Data entries
###

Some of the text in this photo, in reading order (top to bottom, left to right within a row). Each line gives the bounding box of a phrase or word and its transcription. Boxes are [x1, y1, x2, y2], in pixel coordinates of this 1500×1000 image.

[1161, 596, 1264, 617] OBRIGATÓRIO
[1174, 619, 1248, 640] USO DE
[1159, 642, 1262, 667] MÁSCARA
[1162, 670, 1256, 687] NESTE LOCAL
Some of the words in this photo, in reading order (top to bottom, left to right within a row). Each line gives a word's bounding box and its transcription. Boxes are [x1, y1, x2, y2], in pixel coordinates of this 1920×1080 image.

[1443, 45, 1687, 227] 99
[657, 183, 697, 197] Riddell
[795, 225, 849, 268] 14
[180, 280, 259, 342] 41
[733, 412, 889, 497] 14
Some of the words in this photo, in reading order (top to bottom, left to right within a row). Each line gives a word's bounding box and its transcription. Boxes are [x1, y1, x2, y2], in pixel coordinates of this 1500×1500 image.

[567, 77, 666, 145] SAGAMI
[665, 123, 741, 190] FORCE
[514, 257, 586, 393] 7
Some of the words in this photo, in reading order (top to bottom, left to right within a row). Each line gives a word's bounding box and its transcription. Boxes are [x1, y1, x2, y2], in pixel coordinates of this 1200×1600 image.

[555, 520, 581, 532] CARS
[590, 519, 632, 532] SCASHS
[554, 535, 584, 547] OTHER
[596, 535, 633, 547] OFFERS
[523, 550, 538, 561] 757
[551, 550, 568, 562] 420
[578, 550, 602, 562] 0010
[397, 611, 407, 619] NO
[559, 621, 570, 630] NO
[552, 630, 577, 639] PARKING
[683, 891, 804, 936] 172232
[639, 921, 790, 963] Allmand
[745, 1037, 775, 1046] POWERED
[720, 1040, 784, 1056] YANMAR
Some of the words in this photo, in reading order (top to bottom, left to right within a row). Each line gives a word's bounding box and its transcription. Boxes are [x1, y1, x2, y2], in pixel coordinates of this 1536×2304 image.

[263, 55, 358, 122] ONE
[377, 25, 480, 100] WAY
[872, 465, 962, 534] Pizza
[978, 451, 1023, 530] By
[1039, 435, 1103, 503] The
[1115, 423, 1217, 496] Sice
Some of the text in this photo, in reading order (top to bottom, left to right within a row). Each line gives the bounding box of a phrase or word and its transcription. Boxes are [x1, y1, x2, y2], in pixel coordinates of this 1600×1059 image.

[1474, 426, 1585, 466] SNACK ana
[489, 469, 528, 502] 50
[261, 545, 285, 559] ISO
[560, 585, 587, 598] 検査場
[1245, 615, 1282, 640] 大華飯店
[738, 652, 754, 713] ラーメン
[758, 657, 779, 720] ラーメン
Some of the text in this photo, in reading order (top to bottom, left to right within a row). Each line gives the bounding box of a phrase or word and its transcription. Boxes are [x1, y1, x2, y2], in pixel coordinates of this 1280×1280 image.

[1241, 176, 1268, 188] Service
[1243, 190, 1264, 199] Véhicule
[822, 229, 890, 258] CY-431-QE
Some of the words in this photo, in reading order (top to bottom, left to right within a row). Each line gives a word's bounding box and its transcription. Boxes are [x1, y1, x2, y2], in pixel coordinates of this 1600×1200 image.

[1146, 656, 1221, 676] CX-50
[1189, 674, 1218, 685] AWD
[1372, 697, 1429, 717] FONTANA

###

-- Required work --
In this exercise, the data above is to be printed exactly.

-- Reply --
Some of the text in this photo, in reading order (top to bottom, left to right within a row). Each line gives the bounding box of a phrase or word and its transcription. Boxes are [x1, y1, x2, y2], in pixel coordinates of this 1500×1000 image.

[1161, 596, 1264, 617] OBRIGATÓRIO
[1174, 619, 1248, 640] USO DE
[1159, 642, 1262, 667] MÁSCARA
[1162, 670, 1256, 687] NESTE LOCAL
Some of the words in this photo, in reading order (top to bottom, left to right within a row). Each line gives a word's bounding box and its transcription. Boxes are [x1, y1, x2, y2], in pixel coordinates of this 1920×1080 image.

[1443, 45, 1687, 227] 99
[657, 183, 697, 197] Riddell
[795, 225, 849, 268] 14
[180, 280, 259, 342] 41
[733, 412, 889, 497] 14
Some of the words in this photo, in reading order (top to bottom, left to right within a row). Each line gives a word's bounding box and its transcription. Boxes are [x1, y1, x2, y2], in pixel coordinates of this 1500×1500 image.

[567, 77, 666, 145] SAGAMI
[665, 123, 741, 190] FORCE
[514, 257, 586, 393] 7
Some of the words in this photo, in reading order (top to bottom, left to right within a row). Each line gives a word's bounding box and its transcription. Boxes are [x1, y1, x2, y2], in pixel coordinates of this 1200×1600 image.

[555, 520, 581, 532] CARS
[590, 519, 632, 532] SCASHS
[554, 535, 584, 547] OTHER
[596, 535, 633, 547] OFFERS
[523, 550, 538, 561] 757
[551, 550, 568, 562] 420
[578, 550, 602, 562] 0010
[397, 611, 407, 619] NO
[559, 621, 570, 630] NO
[552, 630, 577, 639] PARKING
[683, 891, 804, 936] 172232
[639, 921, 790, 963] Allmand
[745, 1037, 775, 1046] POWERED
[720, 1040, 784, 1056] YANMAR
Some of the words in this photo, in reading order (top to bottom, left to right within a row). Each line gives a word's bounding box and its transcription. Boxes are [x1, y1, x2, y2], in pixel coordinates of this 1536×2304 image.

[263, 55, 358, 122] ONE
[377, 25, 480, 100] WAY
[872, 465, 962, 534] Pizza
[978, 451, 1023, 530] By
[1039, 435, 1103, 503] The
[1115, 423, 1217, 496] Sice
Some of the text in this photo, in reading order (top to bottom, left to right within a row). Each line gives the bounding box of a phrase or word and its transcription. Boxes are [x1, y1, x2, y2], in pixel coordinates of this 1600×1059 image.

[1474, 426, 1585, 466] SNACK ana
[489, 469, 528, 502] 50
[261, 545, 285, 559] ISO
[560, 585, 587, 598] 検査場
[1245, 615, 1282, 640] 大華飯店
[738, 652, 754, 713] ラーメン
[758, 657, 779, 720] ラーメン
Some of the text in this photo, in reading order (top to bottom, left to right within a row). Each line gives the bounding box of a phrase or word and its transcription. Boxes are [x1, y1, x2, y2], in pixel coordinates of this 1280×1280 image.

[1241, 176, 1268, 188] Service
[1243, 190, 1264, 199] Véhicule
[822, 229, 890, 258] CY-431-QE
Some of the words in this photo, in reading order (top to bottom, left to right within a row). Each line gives a word's bounding box and its transcription. Boxes are [x1, y1, x2, y2], in pixel coordinates of this 1600×1200 image.

[1146, 656, 1221, 676] CX-50
[1189, 674, 1218, 685] AWD
[1372, 697, 1429, 717] FONTANA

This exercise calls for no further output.